A stress fracture is sometimes also known as a hairline fracture or a fatigue fracture. They are basically an incomplete fracture, or a crack in the bone, caused by repetitive forces, rather than one sudden incident.
Stress fractures are particularly common in runners due to the repetitive impacts and the forces this passes through the bones. The most common areas for stress fractures include:
Metatarsals (long bones in the foot)
Tibia (shin bone)
Femur (thigh bone)
Calcaneus (heel bone)
Talus (ankle bone)
The Metatarsals and Tibia are by far the most common stress fracture locations in runners.
Symptoms of a stress fracture include a generalised area of pain which develops gradually, is worse with repeated weight bearing and often eases with rest. There may be mild swelling in the area and it may be possible to feel a tender area directly over the bone.
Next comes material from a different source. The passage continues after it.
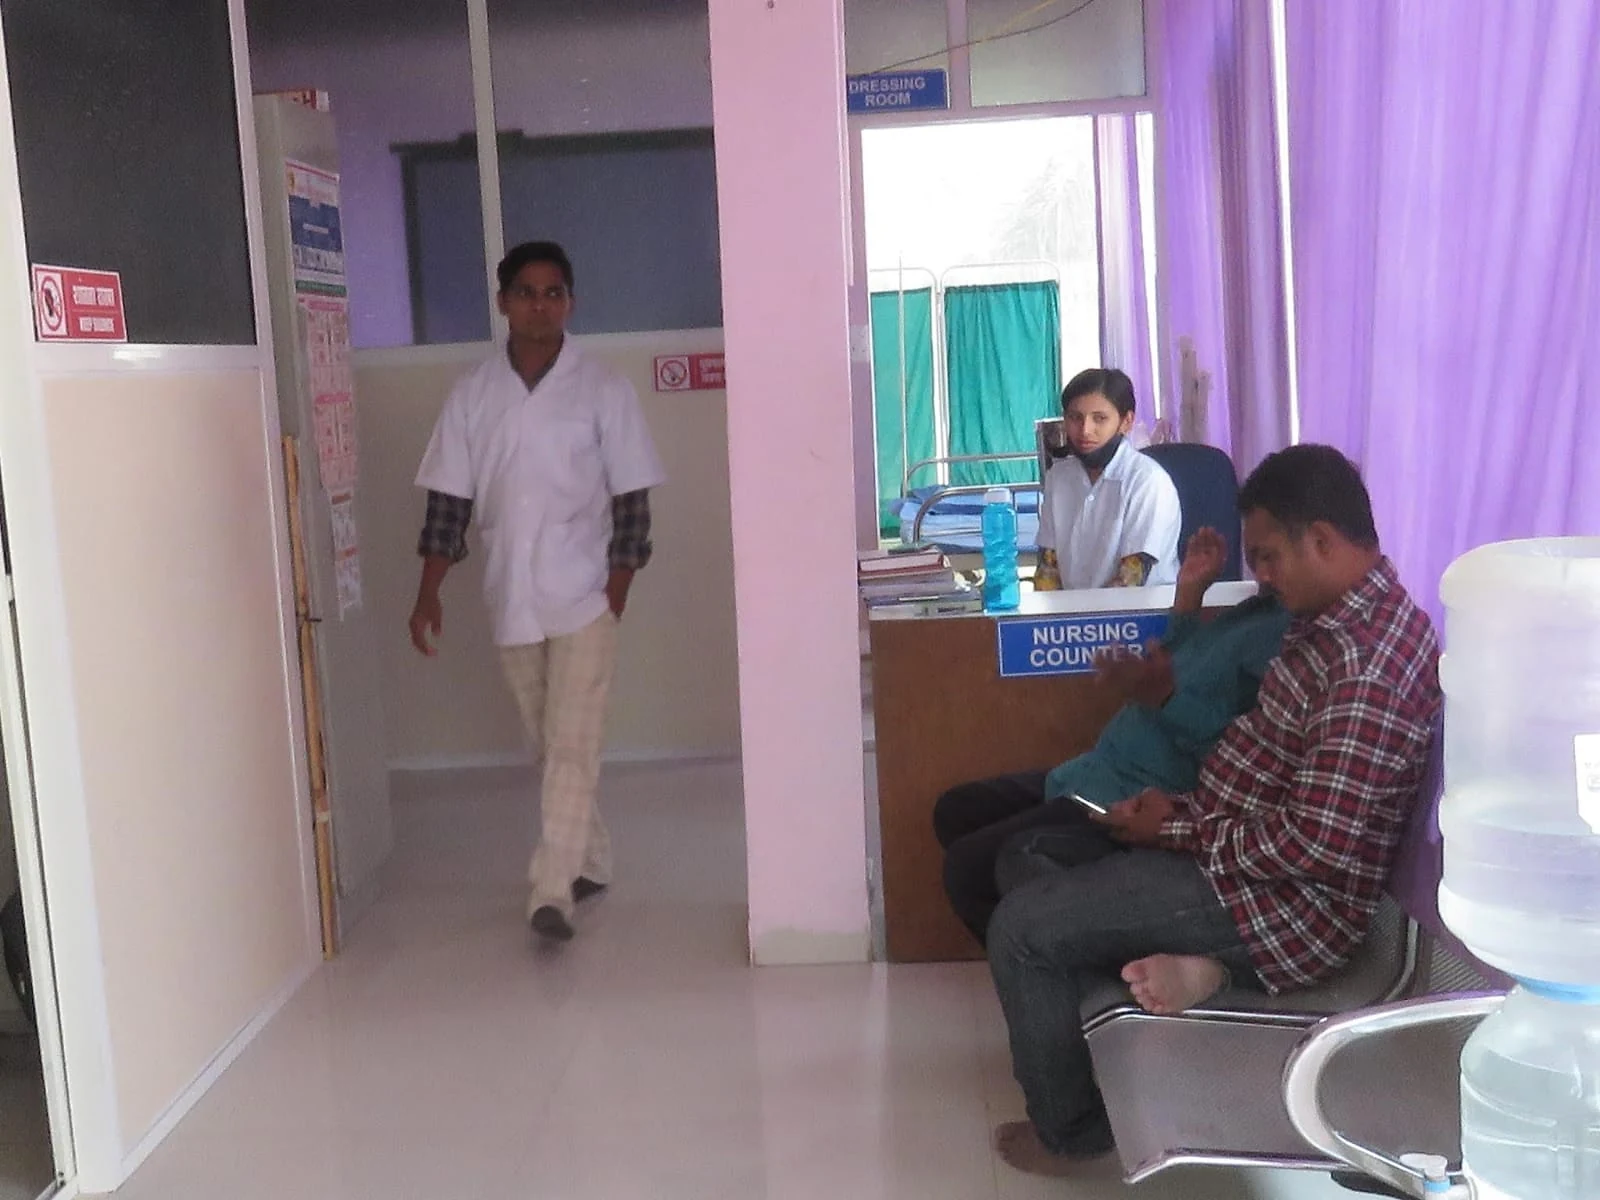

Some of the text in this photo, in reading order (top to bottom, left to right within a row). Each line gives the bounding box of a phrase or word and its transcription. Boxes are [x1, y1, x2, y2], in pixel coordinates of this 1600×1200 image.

[849, 77, 926, 93] DRESSING
[865, 92, 911, 107] ROOM
[1033, 622, 1139, 645] NURSING
As already mentioned, stress fractures are common in runners, but there are certain factors which may increase the risk of developing a stress fracture. Increasing mileage too quickly is the most common culprit. Not sticking to the 10% increase per week rule means that the body does not have time to adapt and build the strength required to sustain this level of intensity. Consistently running on hard surfaces, especially concrete pavements is another factor which is easily corrected by adding in grass, track and sand training sessions. Wearing extra cushioned running shoes, or adding in a shock absorbing insole may also be beneficial.
Stress fracture treatment mostly involves rest. For weight bearing bones this will usually mean avoiding full weight bearing with the help of crutches or a walking boot. Stress fractures are not usually put in a plaster cast.
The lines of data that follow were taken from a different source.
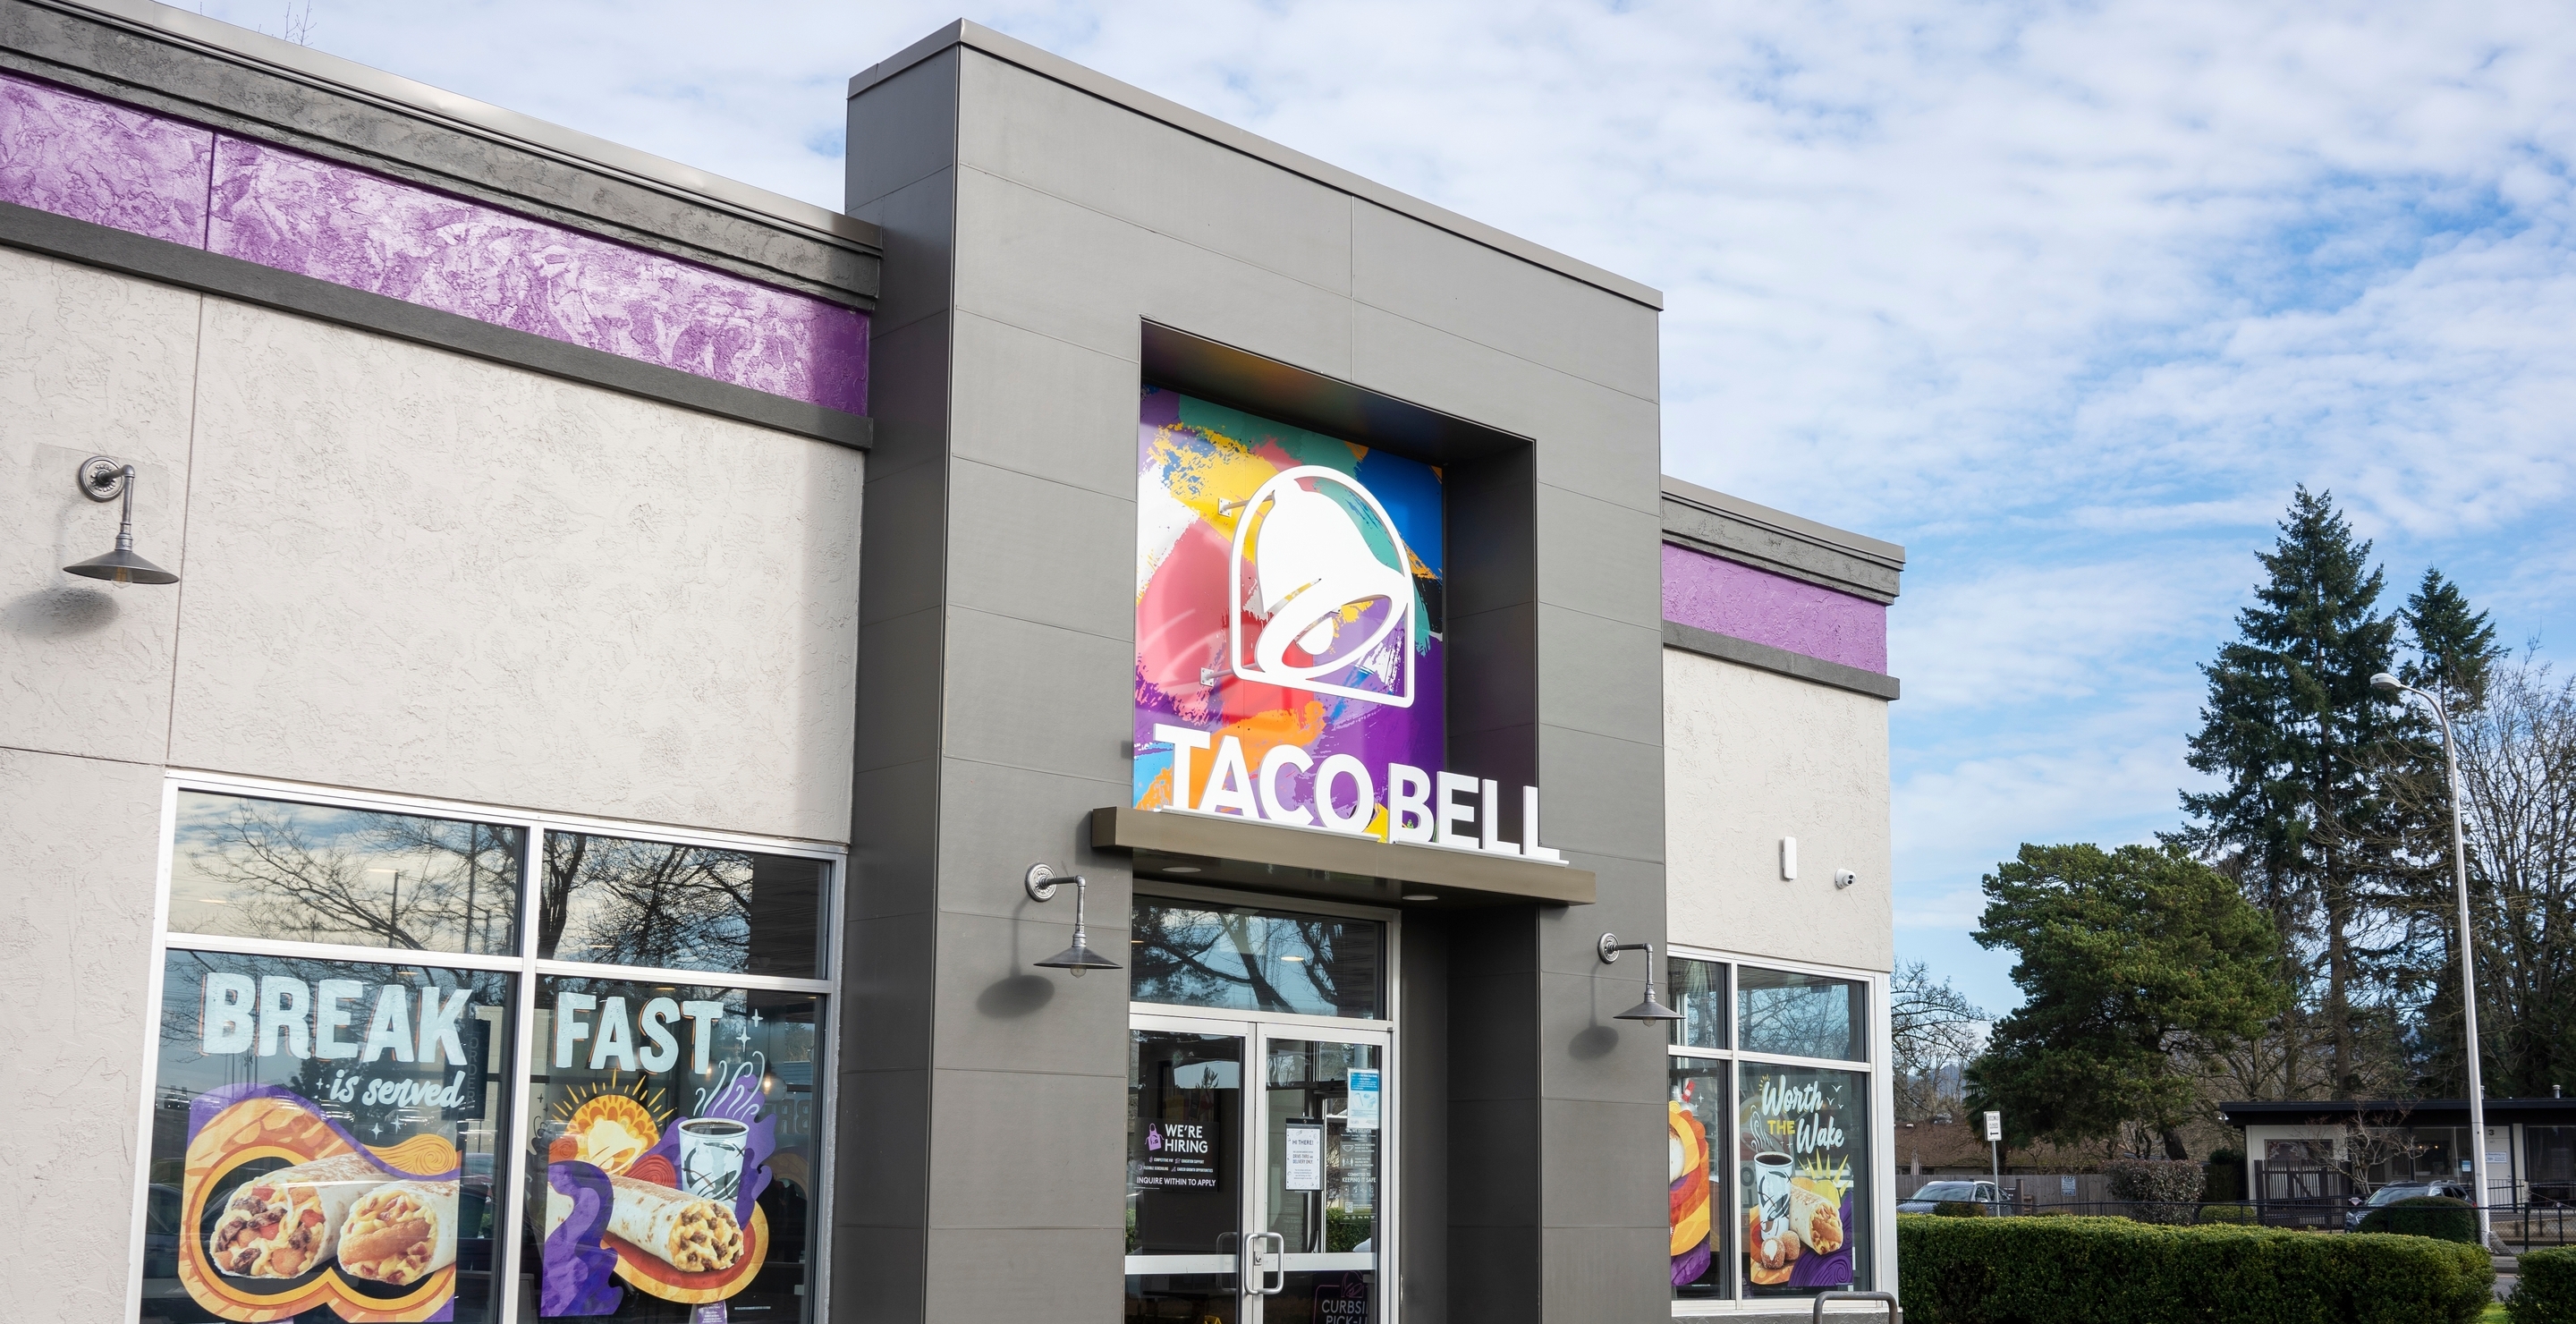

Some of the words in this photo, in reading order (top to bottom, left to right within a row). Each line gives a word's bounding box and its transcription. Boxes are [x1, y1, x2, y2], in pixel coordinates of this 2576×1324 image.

[1153, 723, 1376, 833] TACO
[1388, 762, 1560, 860] BELL
[199, 972, 472, 1065] BREAK
[554, 992, 724, 1074] FAST
[329, 1070, 359, 1102] is
[362, 1070, 466, 1108] served
[1762, 1074, 1823, 1116] Worth
[1165, 1124, 1203, 1138] WE'RE
[1165, 1139, 1208, 1153] HIRING
[1767, 1120, 1795, 1135] THE
[1797, 1113, 1844, 1154] Wake
[1136, 1176, 1163, 1184] INQUIRE
[1164, 1177, 1187, 1185] WITHIN
[1188, 1178, 1197, 1186] TO
[1198, 1179, 1216, 1187] APPLY
The healing time for a weight bearing stress fracture is between 4 and 8 weeks. During this time the activity which caused the stress fracture should be avoided completely, although after 2 weeks of complete rest, other non-weight bearing exercises such as swimming or cycling may be undertaken, provided they are pain free.
After the bone is healed, a return to sport can be initiated, although should be very cautious and gradual to prevent a re-injury. Exercises to strengthen the surrounding area may be used, as should stretching exercises to ensure a full range of motion at the joints above and below.
Before returning to sport, it is important that all contributing factors are corrected to reduce the risk of a re-injury. If unsure, get a professional to look at your training programme and your running shoes.